= Beginning of Section =

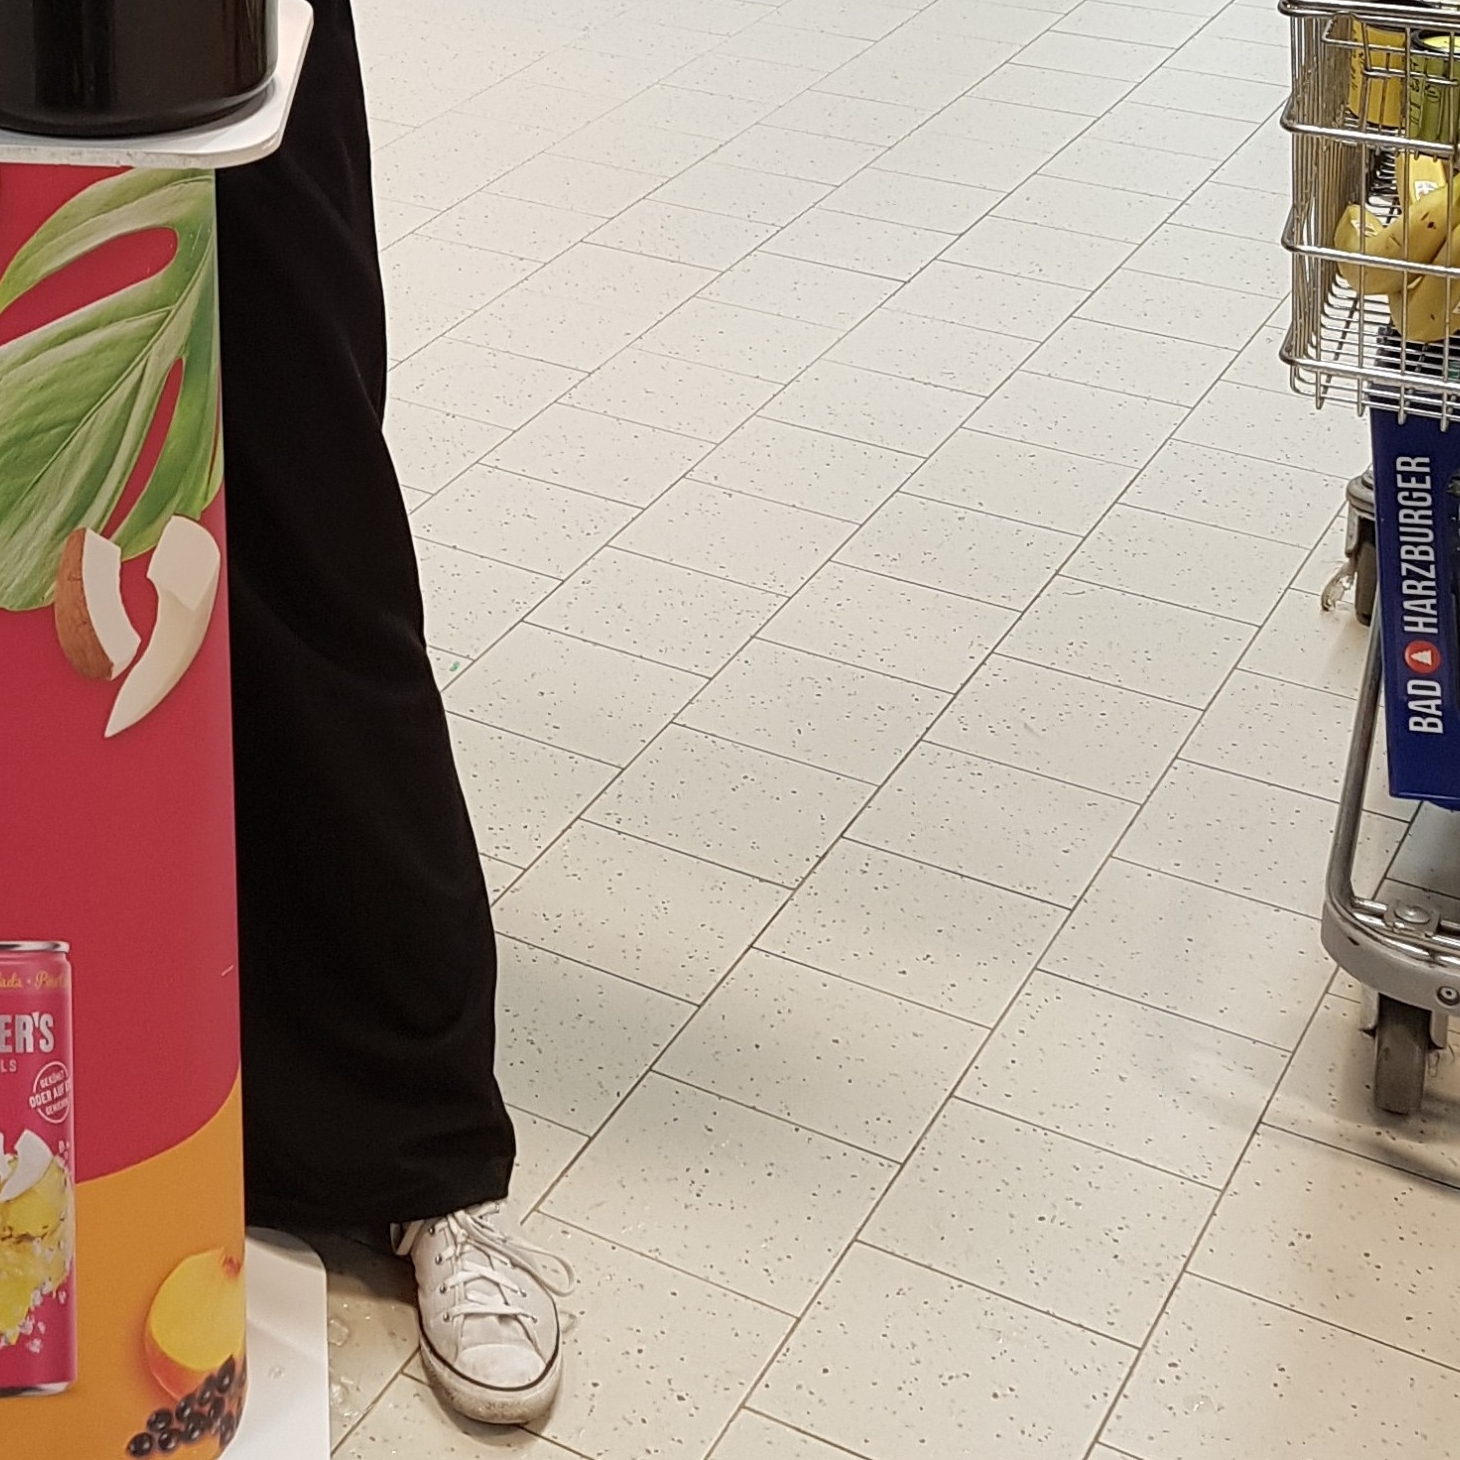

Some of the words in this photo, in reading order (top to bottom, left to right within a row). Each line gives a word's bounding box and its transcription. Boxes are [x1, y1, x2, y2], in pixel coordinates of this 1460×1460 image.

[1396, 456, 1438, 634] HARZBURGER
[1407, 679, 1444, 735] BAD
[29, 1090, 52, 1109] ODER
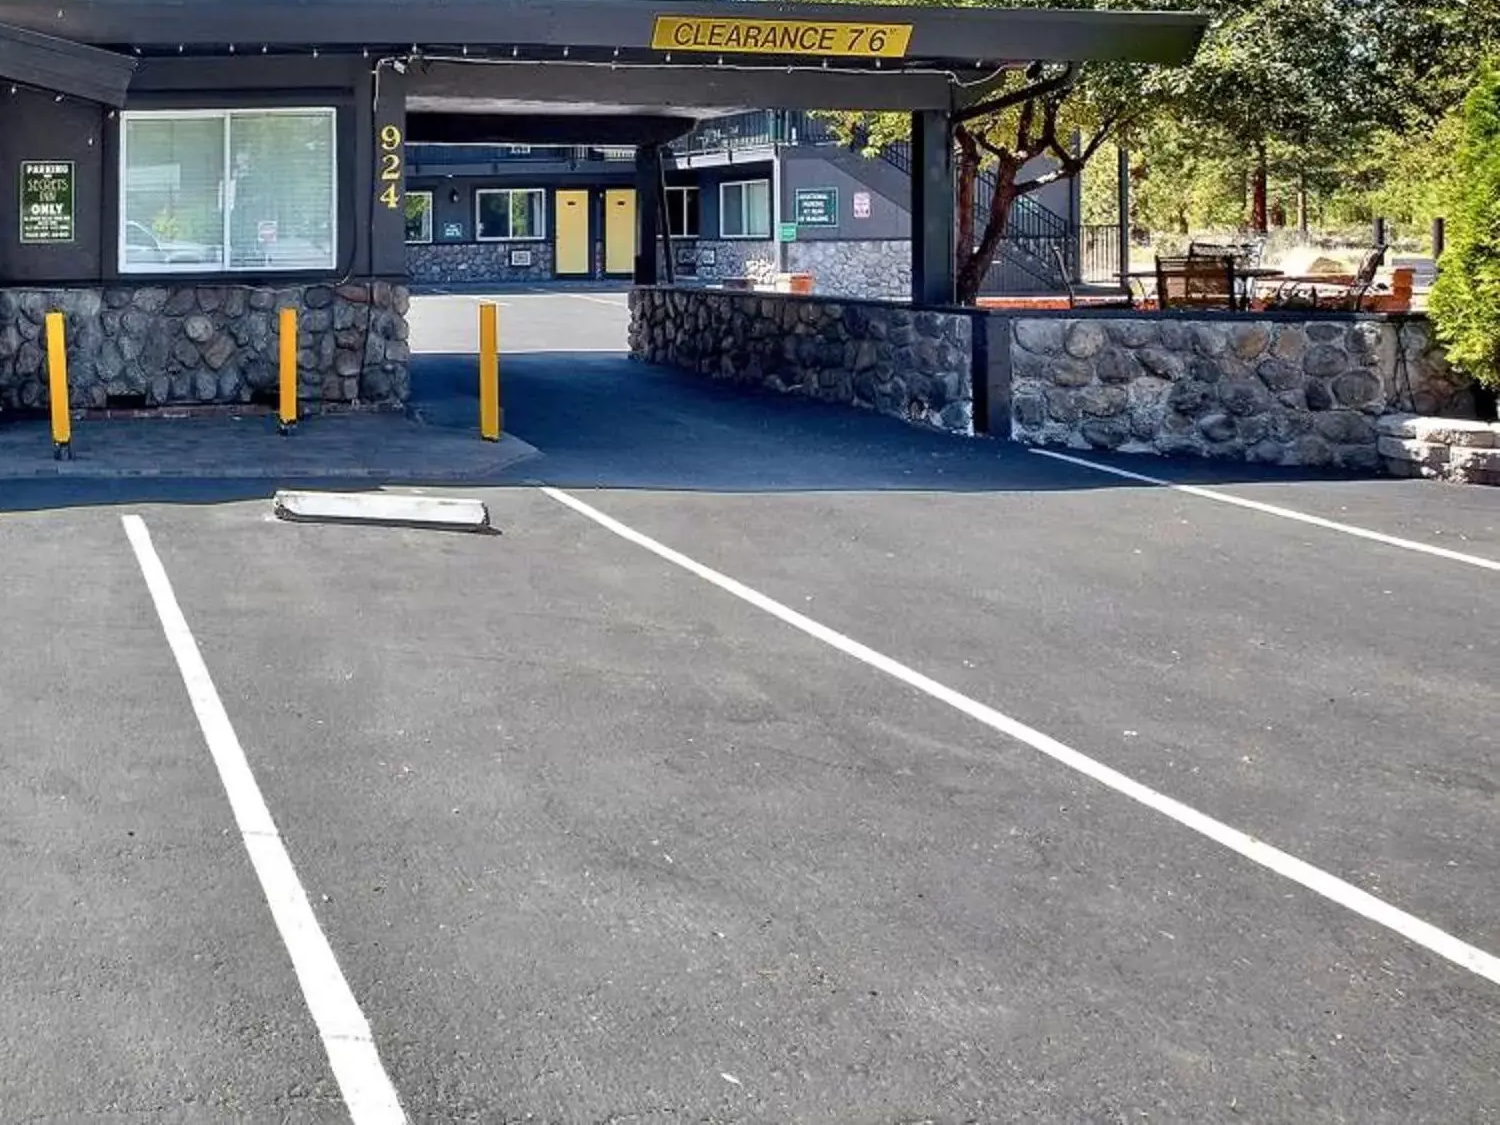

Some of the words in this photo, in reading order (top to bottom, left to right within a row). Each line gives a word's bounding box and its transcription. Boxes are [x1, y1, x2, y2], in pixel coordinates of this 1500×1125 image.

[674, 23, 836, 51] CLEARANCE
[26, 165, 68, 174] PARKING
[380, 124, 401, 209] 924
[31, 203, 64, 215] ONLY
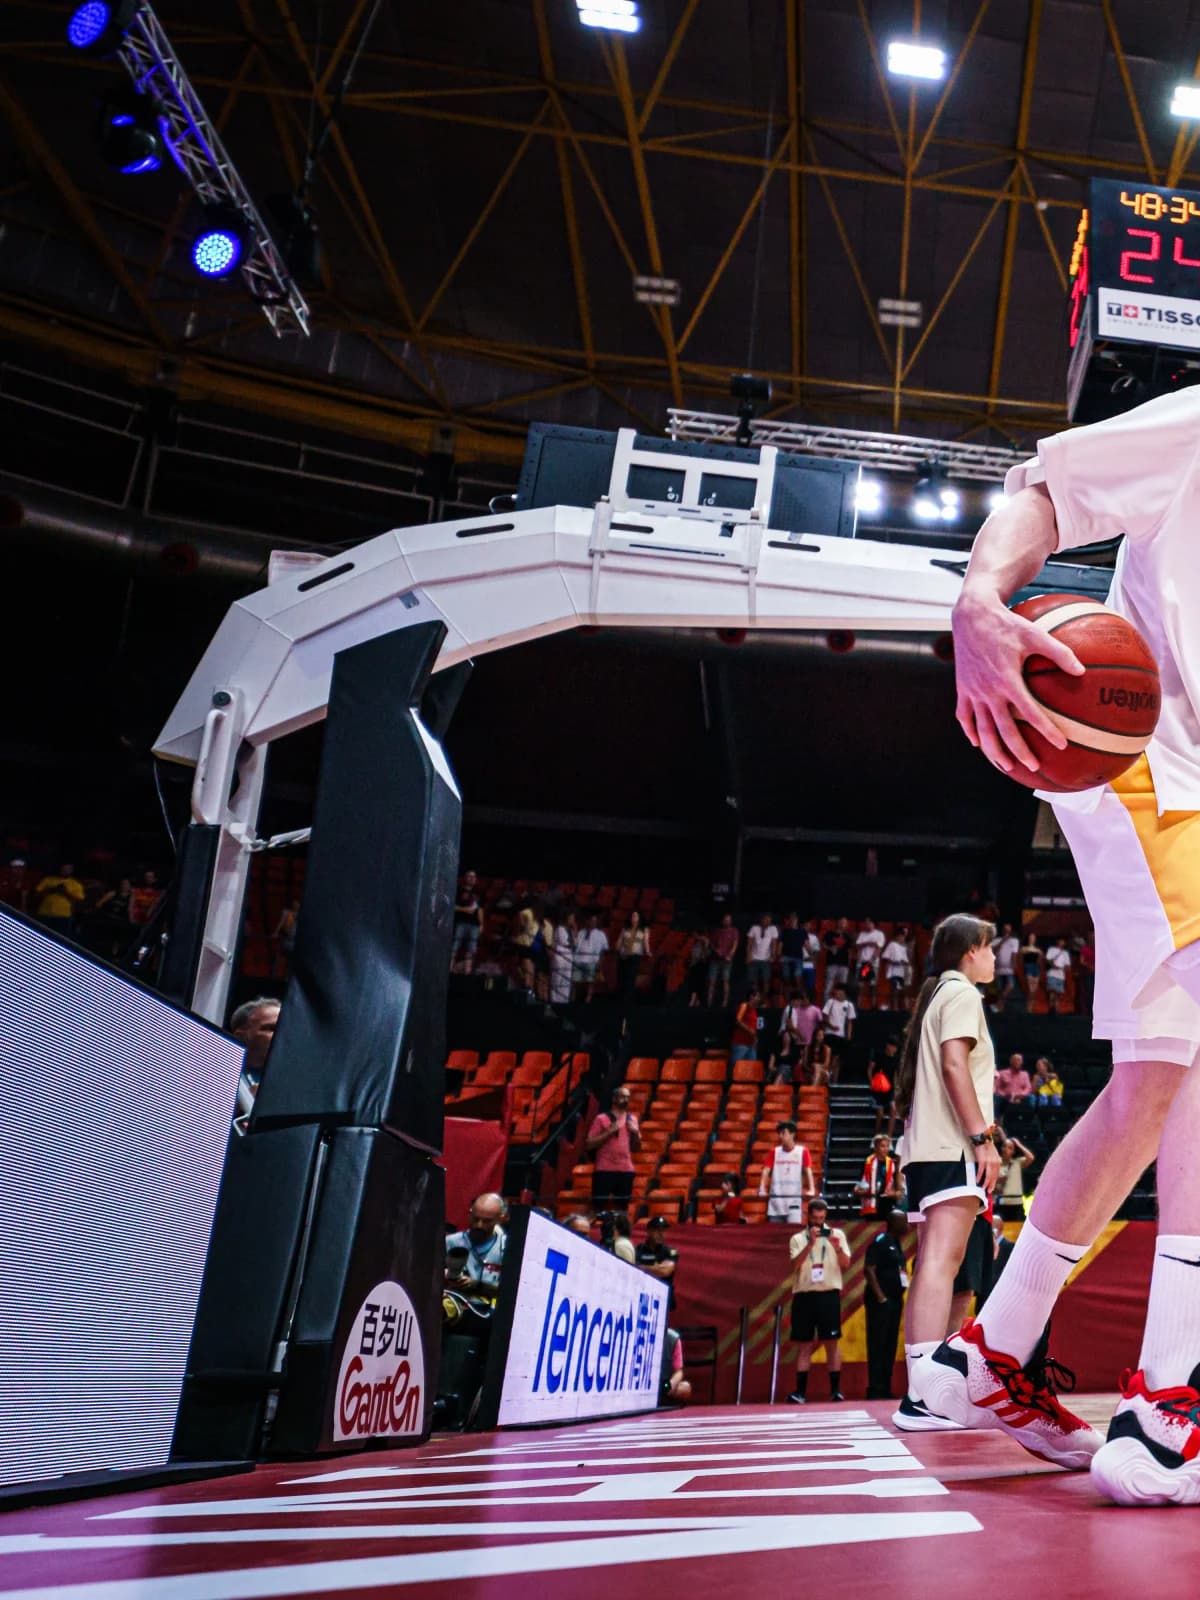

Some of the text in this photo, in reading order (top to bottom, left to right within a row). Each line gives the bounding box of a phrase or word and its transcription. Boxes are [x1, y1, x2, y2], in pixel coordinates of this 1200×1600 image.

[359, 1303, 414, 1357] 百岁山
[532, 1247, 634, 1394] Tencent

= End of Section =

Your objective:
Please copy every record above exactly, but leave the pictures out.

Expected answer:
Some of the words in this photo, in reading order (top to bottom, left to right within a row). Each line gives a word's bounding box and its transcription. Boxes are [x1, y1, x2, y2], in pixel coordinates of this 1460×1460 image.

[1396, 456, 1438, 634] HARZBURGER
[1407, 679, 1444, 735] BAD
[29, 1090, 52, 1109] ODER

Some of the words in this photo, in reading order (top to bottom, left to right within a row). Each line gives a word's bounding box and its transcription. Boxes are [x1, y1, x2, y2], in pixel coordinates of this 1500×1125 image.

[674, 23, 836, 51] CLEARANCE
[26, 165, 68, 174] PARKING
[380, 124, 401, 209] 924
[31, 203, 64, 215] ONLY

Some of the text in this photo, in reading order (top to bottom, left to right within a row). Each line gives the bounding box of a phrase or word and its transcription. Boxes are [x1, y1, x2, y2], in pixel coordinates of this 1200×1600 image.

[359, 1303, 414, 1357] 百岁山
[532, 1247, 634, 1394] Tencent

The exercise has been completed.